Work instructions: Leave out the images and repeat every entry below exactly.

--- Data records ---

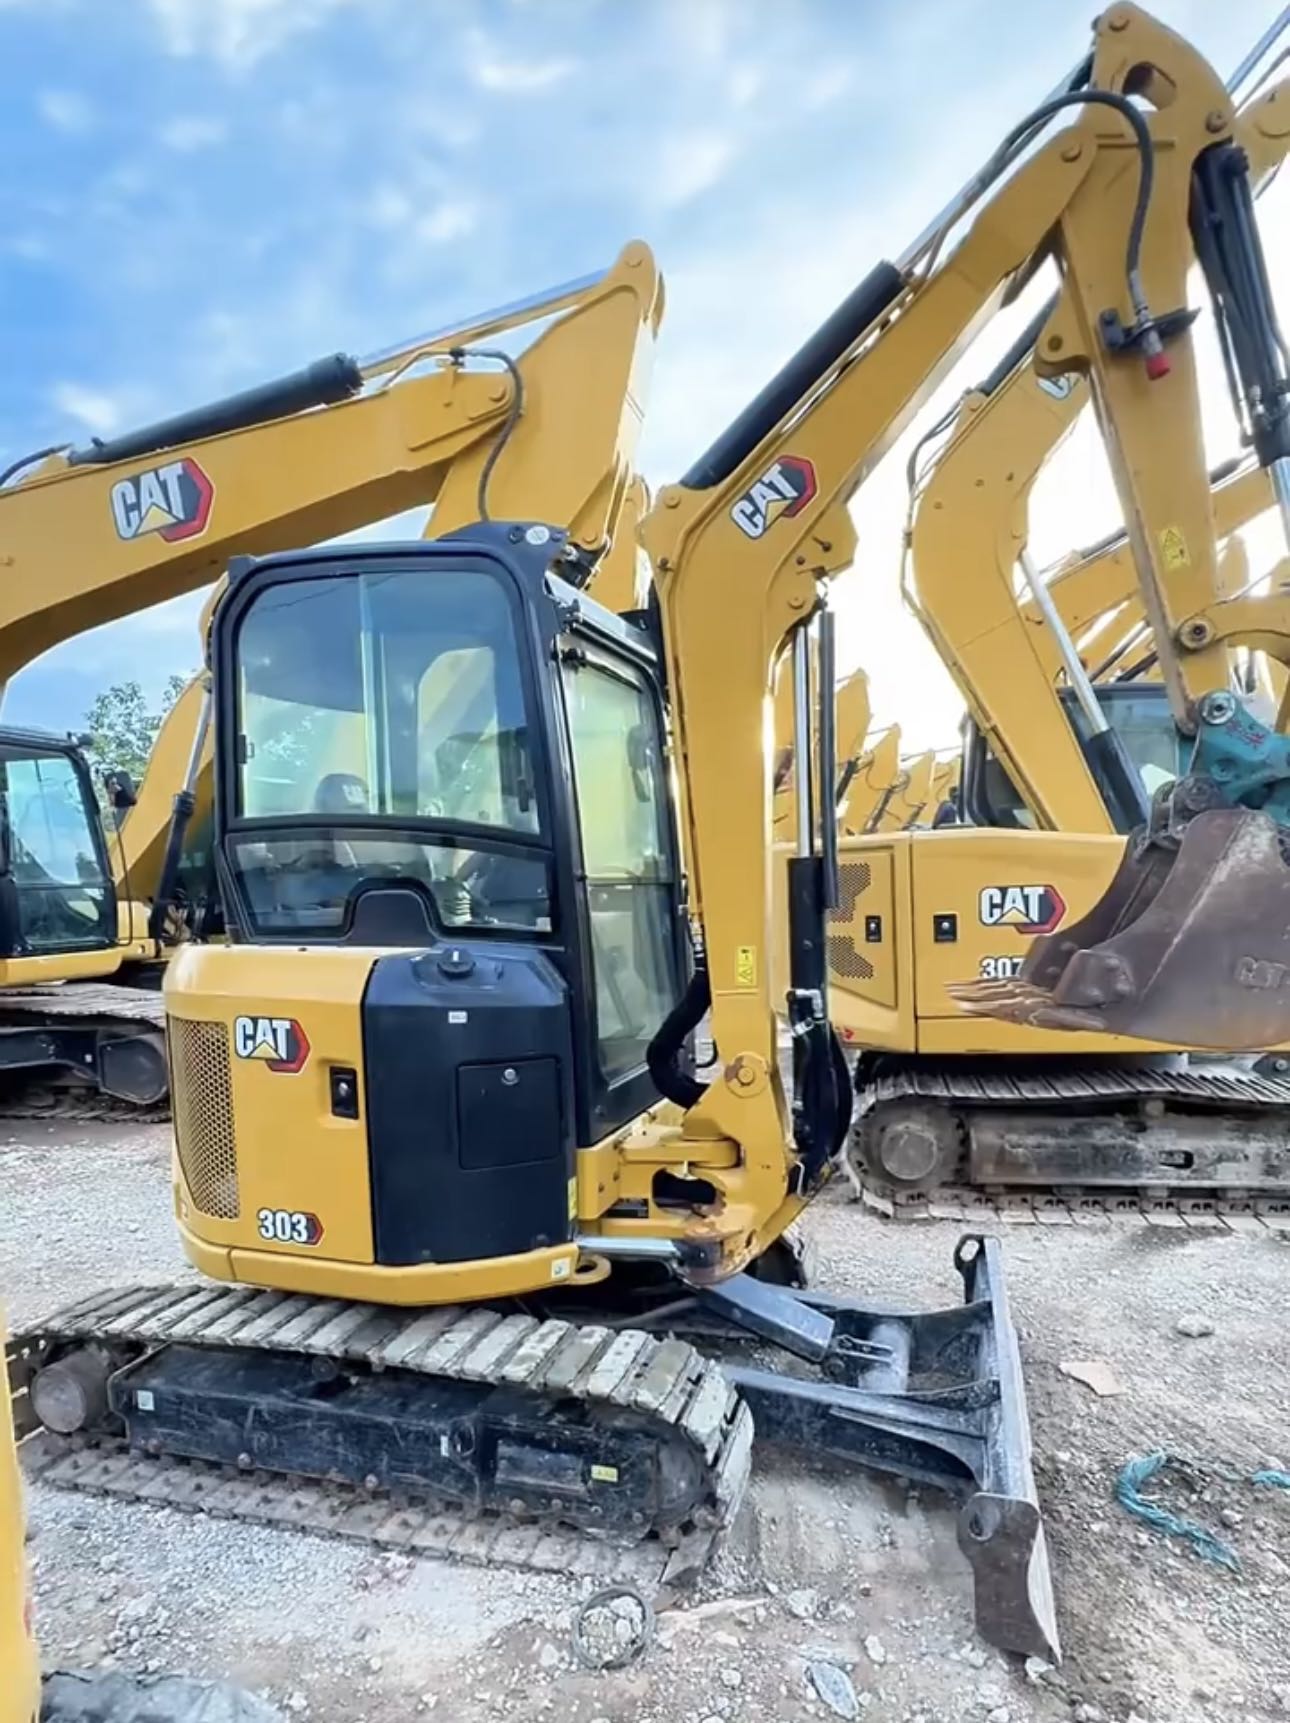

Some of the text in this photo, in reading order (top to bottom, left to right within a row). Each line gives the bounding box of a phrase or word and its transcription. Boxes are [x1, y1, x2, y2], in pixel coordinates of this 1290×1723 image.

[111, 462, 186, 540] CAT
[730, 463, 800, 539] CAT
[980, 886, 1045, 925] CAT
[980, 957, 1026, 979] 307
[235, 1016, 291, 1060] CAT
[257, 1209, 308, 1243] 303

---

Exercise output:
Some of the text in this photo, in reading order (top to bottom, left to right within a row). Each line gives the bounding box of a phrase or word and its transcription. Boxes are [x1, y1, x2, y2], in pixel coordinates of this 1290×1723 image.

[111, 462, 186, 540] CAT
[730, 463, 800, 539] CAT
[980, 886, 1045, 925] CAT
[980, 957, 1026, 979] 307
[235, 1016, 291, 1060] CAT
[257, 1209, 308, 1243] 303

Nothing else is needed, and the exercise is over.